Chart showing how the number of ALC or ‘Alternate Level of Care’ patients directly affects Gridlock and overcapacity at the Health Sciences Centre.

What We Do During Gridlock to Accommodate Our Patients

By definition, Gridlock means we are operating at overcapacity. Once the Health Sciences Centre is in Gridlock, we have to implement special, temporary measures to accommodate all of our patients. Our goal is simple: to ensure that our patients receive the best care possible in these difficult times.

However reaching that goal can be anything but simple. It is difficult to accommodate everyone and meet everyone’s expectations. The entire facility responds to increased volumes of patients and acknowledges that patients will be in unusual accommodations, such as family lounges.

To communicate that the Health Sciences Centre is in Gridlock, we have implemented an overhead paging system so both patients and staff understand that these extraordinary measures are in place. Extra staff is sometimes needed to service the increased demands. When Gridlock is activated, it triggers activity by hospital staff and partners in healthcare to implement protocols to assist with overcapacity pressures.

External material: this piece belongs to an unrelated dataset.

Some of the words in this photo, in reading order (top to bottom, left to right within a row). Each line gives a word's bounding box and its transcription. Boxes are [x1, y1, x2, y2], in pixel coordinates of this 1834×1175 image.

These temporary procedures help us manage overcapacity periods, but they are only short-term solutions. The Health Sciences Centre is working with our community partners to find solutions to the system issues that contribute to Gridlock. We strive to provide excellent care and would like any suggestions on how we can improve during these difficult times.

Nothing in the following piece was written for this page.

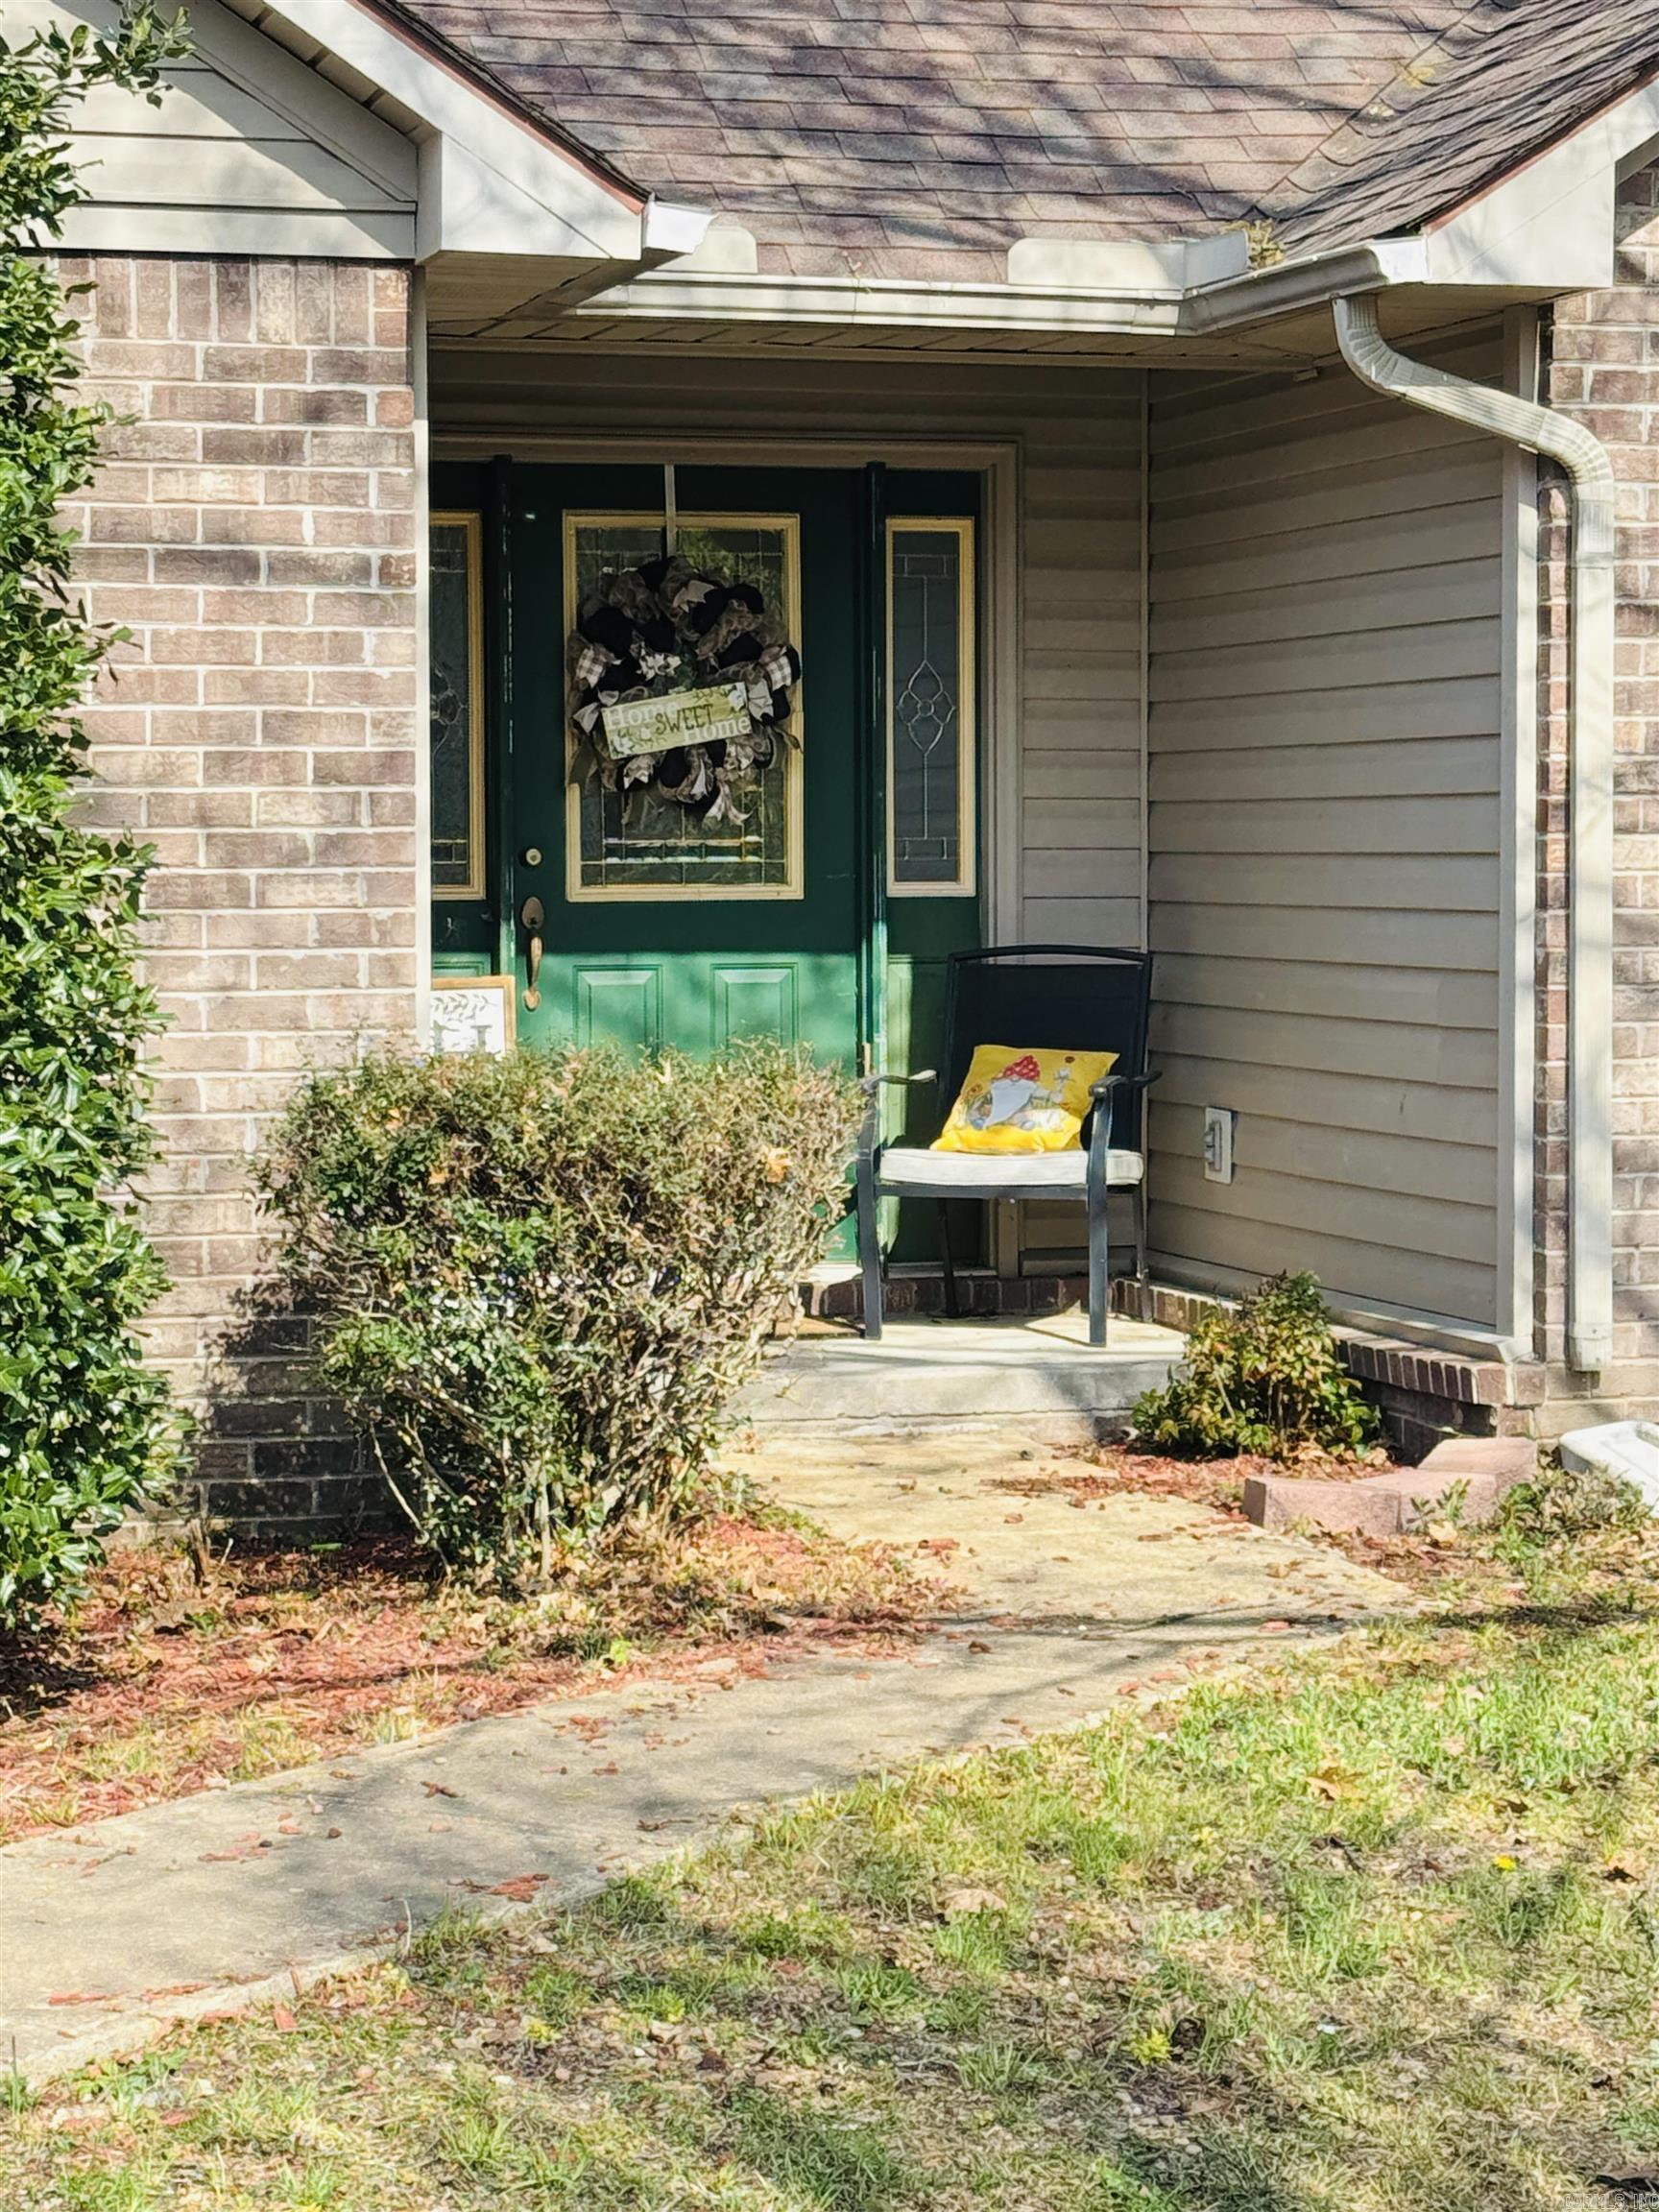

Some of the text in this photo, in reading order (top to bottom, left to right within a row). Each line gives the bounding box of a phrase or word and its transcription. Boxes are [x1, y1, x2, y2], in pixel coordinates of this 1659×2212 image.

[606, 703, 680, 730] Home
[654, 703, 714, 735] SWEET
[683, 717, 751, 743] Home

We encourage you to fill out your Patient Satisfaction Survey or email suggestions to: tbrhsc@tbh.net

TBRHSC Gridlock – FAQs

    1. What is Gridlock?A. Gridlock is a situation at the Health Sciences Centre where there are more patients than beds available. As a result, new patients often have to wait in the Emergency Department for a bed to open up.
    2. Does Gridlock mean that the Health Sciences Centre is closed? Will I or my family be refused care?A. No – never. Anyone who requires emergency services will be treated – you will NEVER be turned away. Patients will be treated based on their need so wait times for non-urgent care may be longer during Gridlock.
    3. Why aren’t there any beds?A. The Health Sciences Centre is an acute care hospital, which means we provide specialized medical care that is not available anywhere else. However, many patients still require some form of healthcare after their hospital visit, be it in a long-term facility, through community services, or through home care. In most cases, these services need to be in place before they can leave the Health Sciences Centre, so even though they are medically safe to leave, they simply have nowhere else to go until other services are available.
    4. Is the Health Sciences Centre too small?

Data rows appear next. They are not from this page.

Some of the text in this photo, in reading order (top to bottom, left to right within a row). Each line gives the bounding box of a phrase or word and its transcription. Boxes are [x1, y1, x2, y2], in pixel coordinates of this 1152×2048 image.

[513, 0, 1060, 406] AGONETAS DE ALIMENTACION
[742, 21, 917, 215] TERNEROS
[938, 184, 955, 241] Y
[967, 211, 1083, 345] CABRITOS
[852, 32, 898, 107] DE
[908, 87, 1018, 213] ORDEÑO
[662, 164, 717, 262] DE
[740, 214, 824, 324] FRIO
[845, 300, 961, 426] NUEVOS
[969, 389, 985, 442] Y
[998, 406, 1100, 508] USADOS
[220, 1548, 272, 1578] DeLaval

A. No. We have 375 acute care beds. At the height of Gridlock, we had over 425 patients, with a peak of over 80 patients waiting for alternate level of care services. If all those patients had been transferred to the most appropriate care setting, such as a long-term care facility, we would have been operating under capacity.

  1. Will I be sent home early to make room for other patients?A. No. Nobody will ever be “discharged early” or be otherwise refused services. Those who require acute care will always have access to acute care.
  2. What are you doing to help long-term care patients get the services they need?A. We are currently working with our partners to put a program in place that will allow patients to receive the care they need at home. From there, patients may decide to stay at home or move to a long-term care facility. They receive the alternate level of care they need, and a bed is made available for someone else who needs it.
  3. Is this only a “Thunder Bay” problem?A. No. Hospitals across Ontario are experiencing this problem. It is due to many, many factors, including an aging population. However, our Emergency Department was one of the busiest last year with over 100,000 patients seen per year. This can make the problem extra challenging. We are working with our community partners to streamline services so all people of Thunder Bay and Northwestern Ontario have the right care, at the right place, and the right time.